A ses côtés, à droite, son épouse : un peu de couleur enfin : visage presque poupin encore. Au gris de la veste de l'homme, répond le rouge de la robe de l'épouse, blanc étincelant de la coiffe. Tout respire, presque en contrepoint, légèreté, grâce et pureté que vient conforter encore ce livre d'heures qu'elle tient entre ses mains.

ll y a ici comme un simulacre de l'opposition entre profane et sacré que tout dans la composition du tableau veut nous laisser accroire : couleurs, regards baissés, comme si l'élévation spirituelle était le contrepoids nécessaire à l'affairement matériel, la grâce féminine à l'épaisseur virile, la lumière de la promesse à l'ombrage de la caverne.

Sauf à considérer que tout ici est mis en scène sous l'aune d'une opposition tellement binaire qu'on pourrait presque la présumer un peu trop manichéenne pour être honnête ; sauf à considérer que la femme ne lit pas mais a au contraire le regard rivé sur les pièces que son époux est en train de peser, qu'elle ne tient l'ouvrage que d'un geste machinal et crispé.
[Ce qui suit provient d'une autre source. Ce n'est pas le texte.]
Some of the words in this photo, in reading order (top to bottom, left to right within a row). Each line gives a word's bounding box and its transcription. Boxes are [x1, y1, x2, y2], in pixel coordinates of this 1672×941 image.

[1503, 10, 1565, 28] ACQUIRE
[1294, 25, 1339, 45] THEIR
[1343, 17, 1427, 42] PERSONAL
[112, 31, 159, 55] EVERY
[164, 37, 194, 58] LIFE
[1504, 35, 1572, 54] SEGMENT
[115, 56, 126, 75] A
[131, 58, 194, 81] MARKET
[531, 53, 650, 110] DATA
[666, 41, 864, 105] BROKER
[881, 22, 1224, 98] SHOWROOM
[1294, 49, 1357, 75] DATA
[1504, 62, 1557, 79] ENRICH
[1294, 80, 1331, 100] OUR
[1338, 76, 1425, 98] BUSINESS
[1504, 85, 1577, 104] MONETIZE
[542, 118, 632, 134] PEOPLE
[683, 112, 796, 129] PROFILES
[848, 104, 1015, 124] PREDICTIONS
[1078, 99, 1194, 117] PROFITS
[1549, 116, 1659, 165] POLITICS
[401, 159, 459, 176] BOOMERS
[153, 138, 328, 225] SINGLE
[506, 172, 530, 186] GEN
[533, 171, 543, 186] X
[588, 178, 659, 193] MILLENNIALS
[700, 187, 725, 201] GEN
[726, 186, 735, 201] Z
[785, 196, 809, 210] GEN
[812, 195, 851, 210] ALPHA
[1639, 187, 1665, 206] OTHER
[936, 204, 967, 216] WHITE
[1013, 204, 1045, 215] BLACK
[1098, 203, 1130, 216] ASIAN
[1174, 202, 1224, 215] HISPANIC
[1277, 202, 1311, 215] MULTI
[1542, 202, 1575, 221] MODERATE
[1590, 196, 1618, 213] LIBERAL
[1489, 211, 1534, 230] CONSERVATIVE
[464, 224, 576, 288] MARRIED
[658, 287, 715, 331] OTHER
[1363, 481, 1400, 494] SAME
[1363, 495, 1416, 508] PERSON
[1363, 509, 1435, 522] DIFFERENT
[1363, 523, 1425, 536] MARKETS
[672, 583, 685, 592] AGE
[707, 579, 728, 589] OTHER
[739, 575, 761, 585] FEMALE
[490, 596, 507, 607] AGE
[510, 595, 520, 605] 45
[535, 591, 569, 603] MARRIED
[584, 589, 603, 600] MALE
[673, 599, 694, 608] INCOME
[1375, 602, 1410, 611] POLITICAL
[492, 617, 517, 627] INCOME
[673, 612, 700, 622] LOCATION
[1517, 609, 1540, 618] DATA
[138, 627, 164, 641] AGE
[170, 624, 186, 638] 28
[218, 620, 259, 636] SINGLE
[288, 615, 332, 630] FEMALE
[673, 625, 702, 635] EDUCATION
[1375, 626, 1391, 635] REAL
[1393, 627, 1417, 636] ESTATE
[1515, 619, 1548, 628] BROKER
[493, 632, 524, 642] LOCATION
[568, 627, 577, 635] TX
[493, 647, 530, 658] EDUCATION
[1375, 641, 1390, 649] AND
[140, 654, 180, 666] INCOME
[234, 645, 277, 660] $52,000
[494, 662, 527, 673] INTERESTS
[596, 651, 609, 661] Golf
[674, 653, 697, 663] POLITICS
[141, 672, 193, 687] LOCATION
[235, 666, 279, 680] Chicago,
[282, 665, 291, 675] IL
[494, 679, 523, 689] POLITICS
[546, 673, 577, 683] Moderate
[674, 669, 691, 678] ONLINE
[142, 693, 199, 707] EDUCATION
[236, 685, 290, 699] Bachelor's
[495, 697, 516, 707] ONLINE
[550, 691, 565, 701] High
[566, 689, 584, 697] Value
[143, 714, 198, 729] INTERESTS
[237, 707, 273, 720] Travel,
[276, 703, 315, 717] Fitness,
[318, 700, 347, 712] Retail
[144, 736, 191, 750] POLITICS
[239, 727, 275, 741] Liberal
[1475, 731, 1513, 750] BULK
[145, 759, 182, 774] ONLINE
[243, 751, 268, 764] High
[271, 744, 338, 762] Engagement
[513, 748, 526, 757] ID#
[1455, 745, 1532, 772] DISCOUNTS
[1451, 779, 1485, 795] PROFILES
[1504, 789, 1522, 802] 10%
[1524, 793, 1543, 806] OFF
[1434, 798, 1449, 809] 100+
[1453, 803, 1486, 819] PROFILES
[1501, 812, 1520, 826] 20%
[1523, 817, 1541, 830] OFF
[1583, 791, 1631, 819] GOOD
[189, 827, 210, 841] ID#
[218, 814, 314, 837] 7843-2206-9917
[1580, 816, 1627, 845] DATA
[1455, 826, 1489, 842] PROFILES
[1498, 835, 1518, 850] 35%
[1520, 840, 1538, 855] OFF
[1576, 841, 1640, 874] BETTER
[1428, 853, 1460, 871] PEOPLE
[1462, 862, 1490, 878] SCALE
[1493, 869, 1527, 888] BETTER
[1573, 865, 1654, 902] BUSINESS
La voici la figure de la tentation : dans ce regard oblique qui bafoue l'apparente symétrie de la scène ! Que peut bien encore peser l'ouvrage qui est supposé ponctuer le temps du laïc de rites qui sont autant de devoirs quand, juste à côté, brille l'ultime écho de la matière. Ces deux-là sont riches pourtant, aisés en tout cas ce qu'à la fois leurs vêtures, les bijoux et le livre lui-même attestent.

La tentation ici a tout d'un huis clos, mais après tout n'est-elle pas toujours une scène intime ?

Il y a bien un peu quelque chose du reflet de la réalité extérieure qui se donne à deviner dans le petit miroit posé sur la table : on y entrevoit à travers la fenêtre à croisée ornée de croix, la flèche d'un beffroi, comme pour mieux marquer encore que le sacré, loin d'être engagement intérieur n'est plus qu'un ornement lointain. Mais aussi, dans la partie inférieure droite du miroir, le client avide de conclure son affaire, soucieux de ne pas se faire berner. Tout n'est donc ici qu'affaire de regard : celui que l'on porte sur l'argent qui semble devoir balayer tout le reste ; celui qu'on ne porte plus ou qui se détourne.

Quand il s'agira de représenter les saints - voire le Christ - on aura toujours des scènes où l'objet de la tentation prend des figures épiques ou revêt l'allure du diable. * Ici, rien de tout cela : ce qui détourne est ordinaire et brille, orne chacune de nos vies ; n'est mal que de subitement engouffrer tout l'espace alentour.

Voici qu'il faut retenir : la tentation de l'argent a tout de la passion mais une passion froide … d'autant plus inquiétante.